Appeal from the Superior Court of the District of Columbia (Hon. Stephen F. Eilperin, Trial Judge)
Before Steadman and Ruiz, Associate Judges, and Kern, Senior Judge.
The opinion of the court was delivered by: Per Curiam
This is an appeal from the judgment of the trial court after a jury returned a verdict in favor of the District of Columbia on appellant's claim for damages resulting from a collision with a District of Columbia ambulance. Appellant contends that the trial court committed reversible error by concluding, as a matter of law, that the ambulance was on an emergency run and thus submitting to the jury only the issue whether or not the District of Columbia in its operation of the ambulance was grossly negligent.
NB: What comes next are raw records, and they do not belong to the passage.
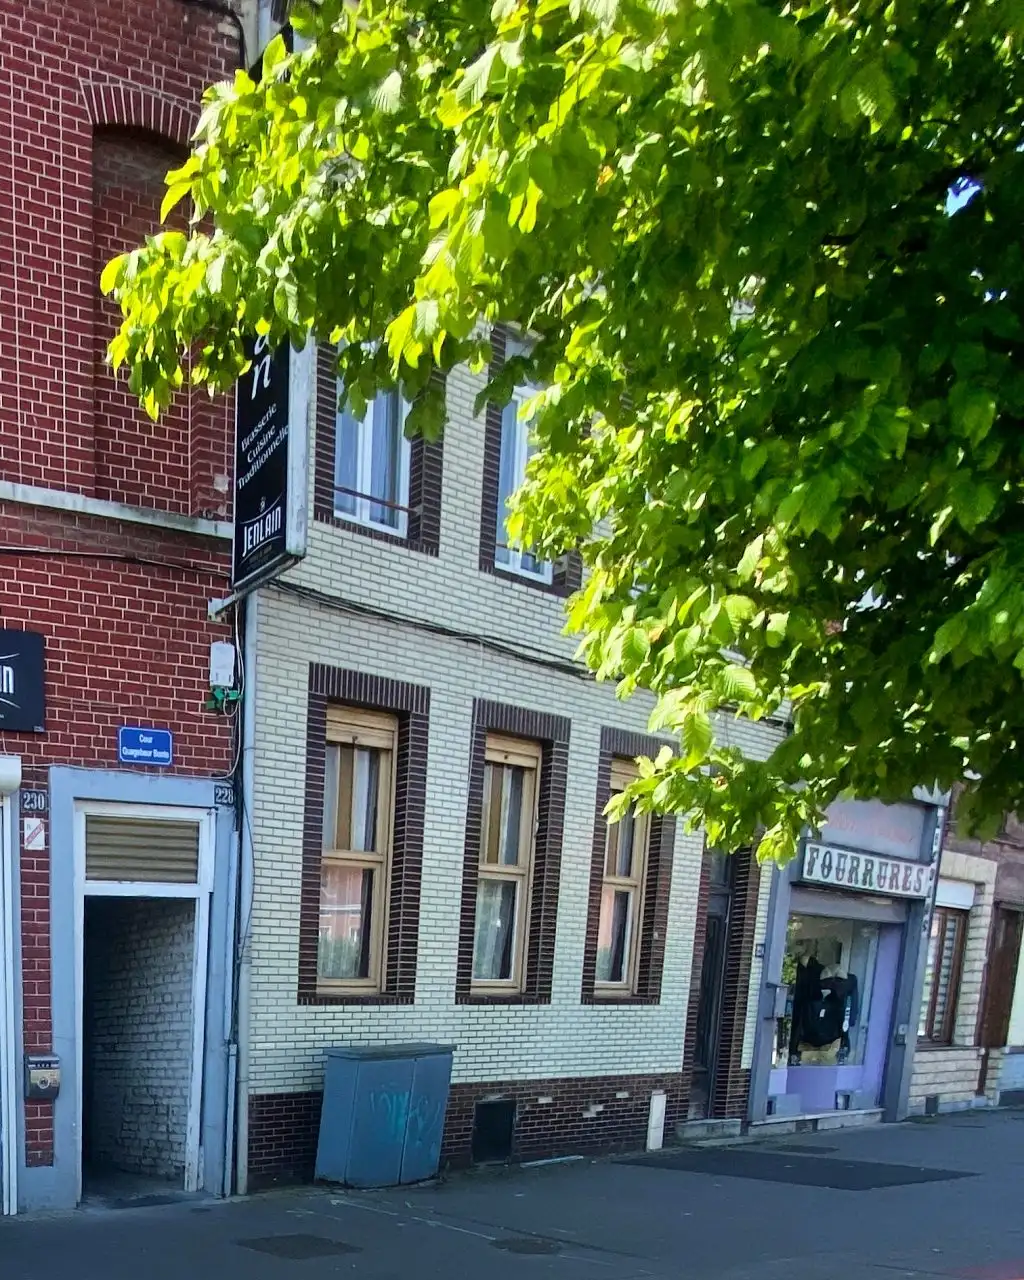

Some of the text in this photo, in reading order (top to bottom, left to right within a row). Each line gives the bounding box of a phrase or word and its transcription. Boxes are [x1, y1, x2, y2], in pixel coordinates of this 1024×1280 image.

[241, 402, 277, 453] Brasserie
[247, 424, 276, 463] Cuisine
[237, 424, 289, 490] Traditionnelle
[242, 506, 281, 557] JENLAIN
[139, 734, 153, 744] Cour
[23, 791, 45, 810] 230
[215, 786, 234, 804] 228
[806, 846, 924, 893] FOURRURES
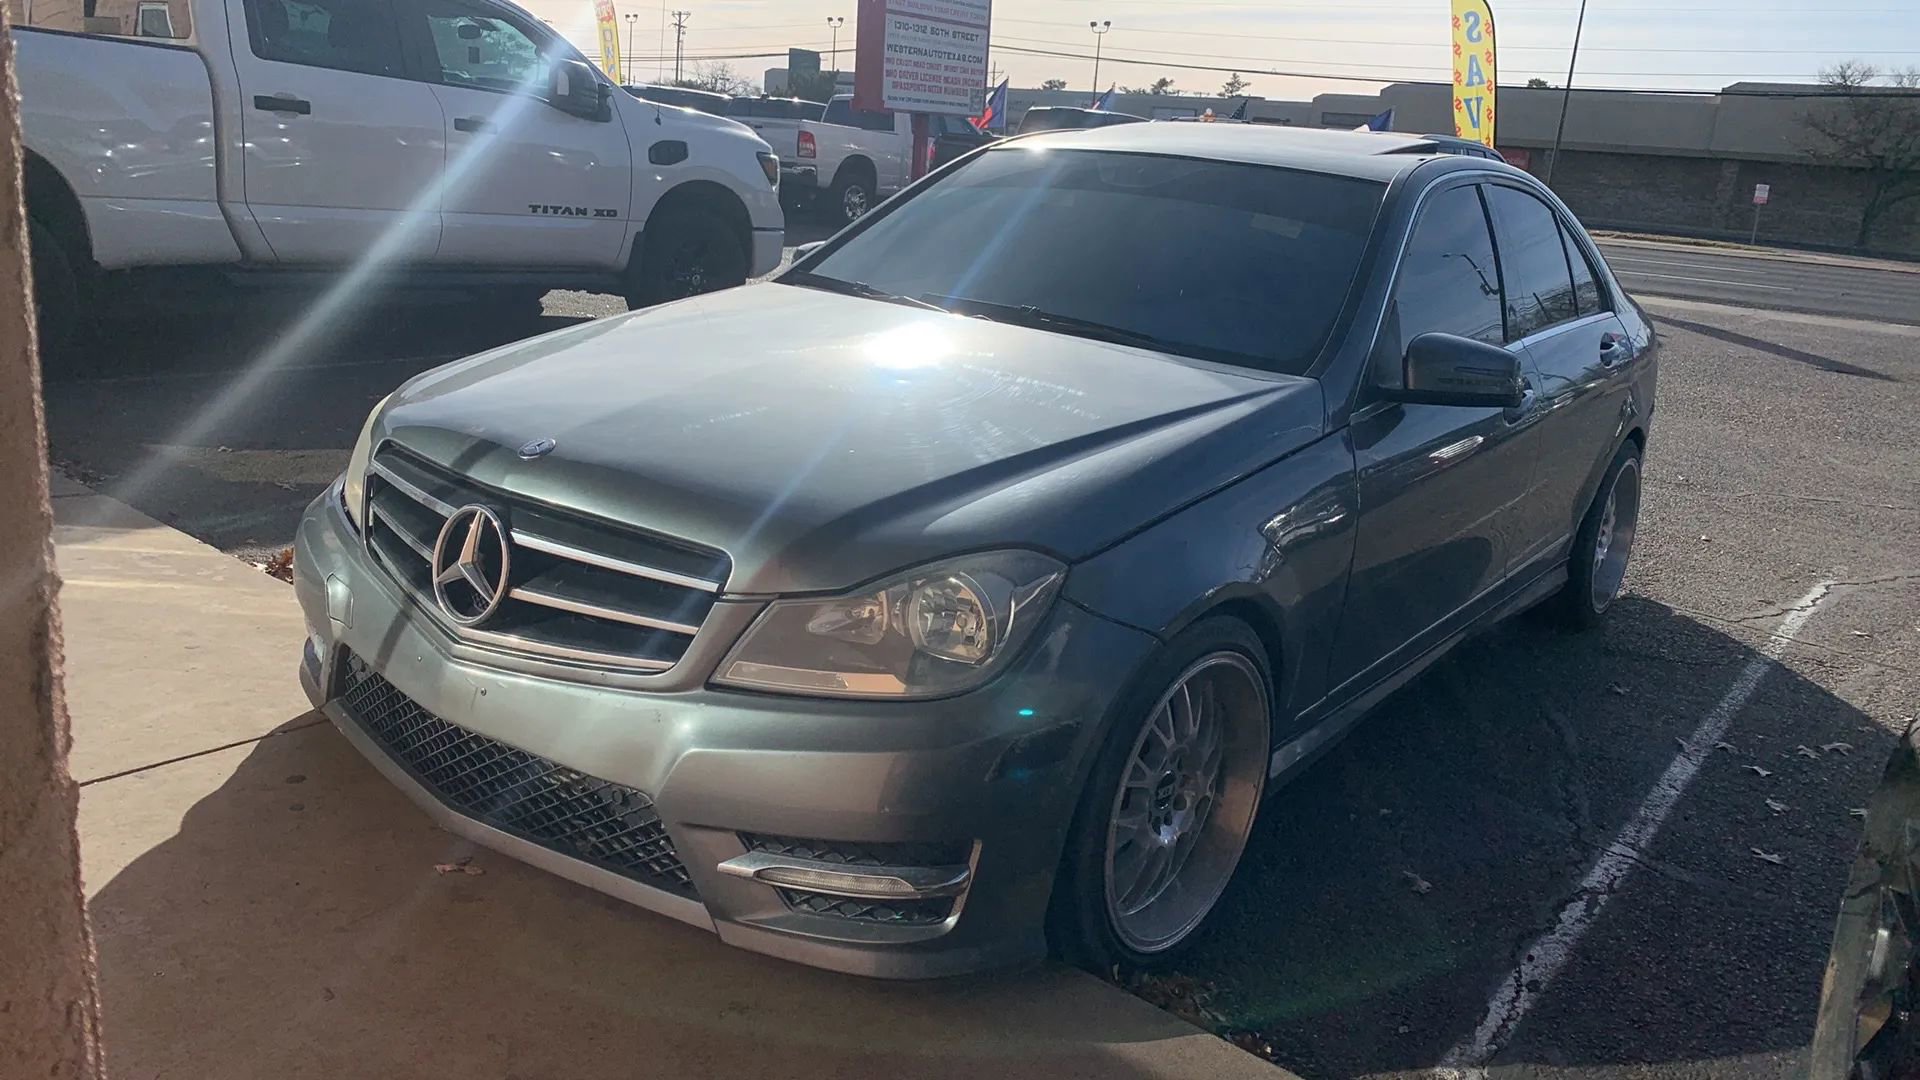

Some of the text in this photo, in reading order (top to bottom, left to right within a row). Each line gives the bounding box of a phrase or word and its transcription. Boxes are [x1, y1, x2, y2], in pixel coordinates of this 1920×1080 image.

[894, 20, 980, 42] 1310-1312 50TH STREET
[886, 43, 983, 64] WESTERNAUTOTEXAS.COM
[528, 205, 618, 218] TITAN XD
D.C. Code § 1-1212, the District of Columbia's waiver of immunity statute, provides the following exception: "in the case of a claim arising out of the operation of an emergency vehicle on an emergency run the District shall be liable only for gross negligence."*fn1 D.C. Code § 1-1211 (5)(A) defines "emergency vehicle" to include a vehicle assigned to the Fire Department that is not designated as a non-emergency vehicle. D.C. Code § 1-1211 (4) defines "emergency run" as "the movement of a District-owned vehicle, by direction of the operator or of some other authorized person or agency, under circumstances which lead the operator or such persons or agency to believe that such vehicle should proceed expeditiously upon a particular mission or to a designated location for the purpose of dealing with a supposed fire or other emergency, an alleged violation of a statute or regulation, or other incident requiring emergency action, or the prompt transportation to a place of treatment or greater safety of an alleged sick or injured person."
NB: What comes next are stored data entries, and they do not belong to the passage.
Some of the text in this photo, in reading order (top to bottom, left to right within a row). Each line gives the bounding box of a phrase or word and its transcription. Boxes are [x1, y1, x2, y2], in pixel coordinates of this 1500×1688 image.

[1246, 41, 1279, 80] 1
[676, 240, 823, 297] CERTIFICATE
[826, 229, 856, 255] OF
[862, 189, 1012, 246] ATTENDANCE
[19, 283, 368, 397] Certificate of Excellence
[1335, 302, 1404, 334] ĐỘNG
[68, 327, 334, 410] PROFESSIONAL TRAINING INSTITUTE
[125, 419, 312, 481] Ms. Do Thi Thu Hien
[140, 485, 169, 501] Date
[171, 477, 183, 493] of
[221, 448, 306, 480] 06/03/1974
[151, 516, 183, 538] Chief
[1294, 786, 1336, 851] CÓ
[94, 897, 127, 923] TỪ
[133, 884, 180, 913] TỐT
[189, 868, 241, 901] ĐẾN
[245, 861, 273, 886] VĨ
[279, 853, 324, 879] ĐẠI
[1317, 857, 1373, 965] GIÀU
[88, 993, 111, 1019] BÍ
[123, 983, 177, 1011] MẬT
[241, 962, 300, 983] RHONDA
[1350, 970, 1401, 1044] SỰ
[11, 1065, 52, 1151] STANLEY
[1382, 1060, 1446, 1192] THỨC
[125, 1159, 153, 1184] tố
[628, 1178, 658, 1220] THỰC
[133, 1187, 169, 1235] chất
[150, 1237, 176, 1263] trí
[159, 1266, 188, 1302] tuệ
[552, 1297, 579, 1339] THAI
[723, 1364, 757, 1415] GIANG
The evidence at trial showed that appellant was starting to make a left turn from Naylor Road onto 30th Street in Southeast Washington, D.C., when her car was hit by an ambulance which was attempting to pass her on her left side and which had crossed the double median line of the street to do so. The testimony of the paramedics*fn2 was that they were transporting a woman who had called 911 after falling and suffering a head wound. Although the paramedics had given the woman's injuries a low rating of seriousness, they transported her as an emergency run (with siren and flashing lights) because it was Fire Department policy and procedure to so treat all transports of injured persons resulting from 911 calls.*fn3 At the conclusion of the testimony, the court instructed the jury that, as a matter of law, the ambulance in this case was on an emergency run, and that they were to decide whether the District of Columbia was grossly negligent in its operation of the ambulance.
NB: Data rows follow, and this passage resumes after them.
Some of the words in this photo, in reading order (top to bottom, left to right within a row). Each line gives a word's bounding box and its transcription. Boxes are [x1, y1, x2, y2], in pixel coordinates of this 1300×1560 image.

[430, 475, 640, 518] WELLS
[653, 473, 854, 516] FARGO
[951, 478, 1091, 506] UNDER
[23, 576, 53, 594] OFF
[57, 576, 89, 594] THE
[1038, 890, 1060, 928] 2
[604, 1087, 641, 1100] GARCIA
Appellant contends that § 1-1211 (4), in its use of the words "under circumstances which lead the operator or such persons or agency to believe that such vehicle should proceed expeditiously," requires the evaluation of the circumstances to be made on an individual, case-by-case basis. She further contends that the Fire Department's internal policy, which treats all patient transports resulting from 911 calls as an emergency run, conflicts with this requirement. Instead, she argues, the determination whether the ambulance was on an emergency run should be made by the jury.*fn4
The District of Columbia Fire Department's policy decision, which dictates the circumstances in which its ambulance operators must respond with an emergency run, speaks to the statutory provision that the agency may determine when an ambulance is on an emergency run. See D.C. Code § 1-1211 (4). The trial court correctly concluded that the determination whether the Department's policy satisfies this statutory provision, or whether an individualized determination must be made, is a question of law, and thus is not appropriate for jury determination. See, e.g., Doe by Fein v. District of Columbia, 697 A.2d 23, 27-29 (D.C. 1997) (determination whether police report satisfies statutory notice requirement of D.C. Code § 12-309 is question of law for court).*fn5 We do not see a conflict between the Fire Department's policy and § 1-1211 (4) since the statute, which expressly provides for the decision to be made by "the operator or . . . persons or agency," does not rule out the adoption of a policy such as the one at issue here. Furthermore, the policy does not appear unreasonable on its face.
Accordingly, we conclude that the trial court did not err in refusing to submit to the jury the question of whether the ambulance in this case was on an emergency run.